_WORK REQUEST_
Could every line below be transcribed exactly, with the pictures dropped?
━━━━━━━━━━
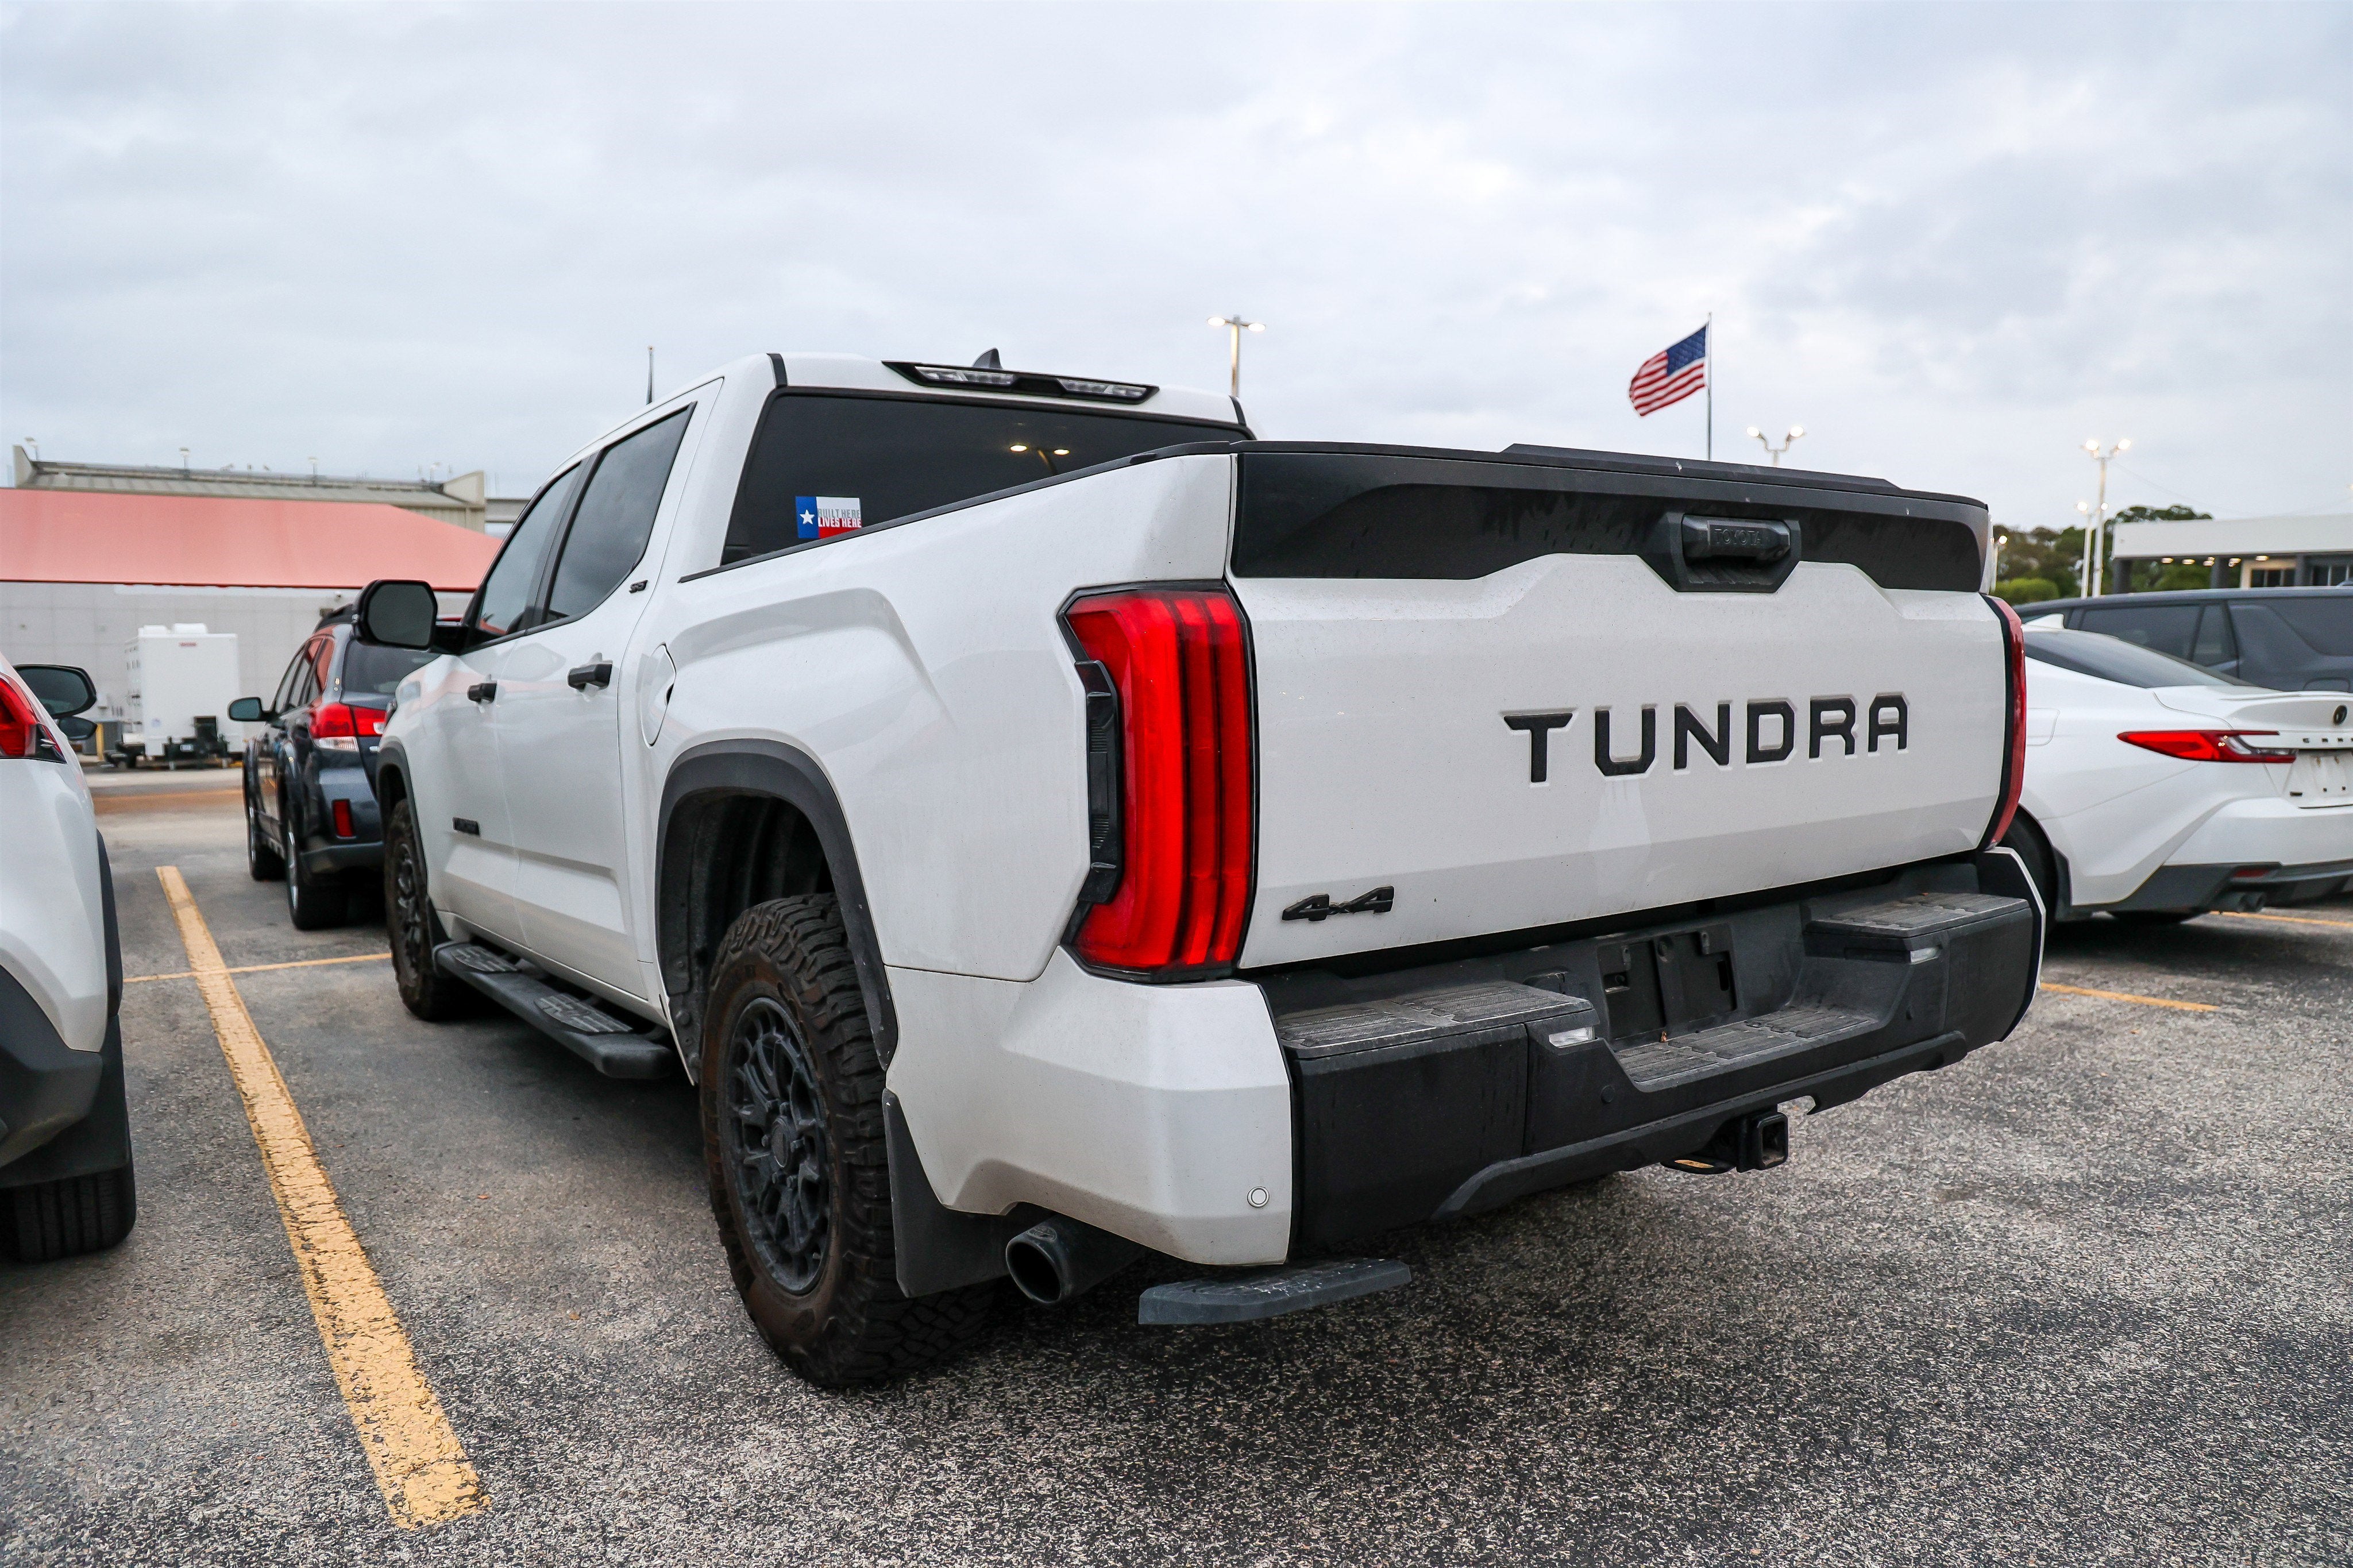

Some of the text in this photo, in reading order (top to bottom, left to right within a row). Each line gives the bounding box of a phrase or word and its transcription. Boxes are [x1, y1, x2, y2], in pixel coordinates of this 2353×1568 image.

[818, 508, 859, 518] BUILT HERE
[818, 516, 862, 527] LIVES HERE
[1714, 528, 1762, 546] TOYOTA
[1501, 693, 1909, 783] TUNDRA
━━━━━━━━━━
_SOLUTION FOR THIS PROBLEM_
Some of the text in this photo, in reading order (top to bottom, left to right within a row). Each line gives the bounding box of a phrase or word and its transcription. Boxes are [x1, y1, x2, y2], in pixel coordinates of this 2353×1568 image.

[818, 508, 859, 518] BUILT HERE
[818, 516, 862, 527] LIVES HERE
[1714, 528, 1762, 546] TOYOTA
[1501, 693, 1909, 783] TUNDRA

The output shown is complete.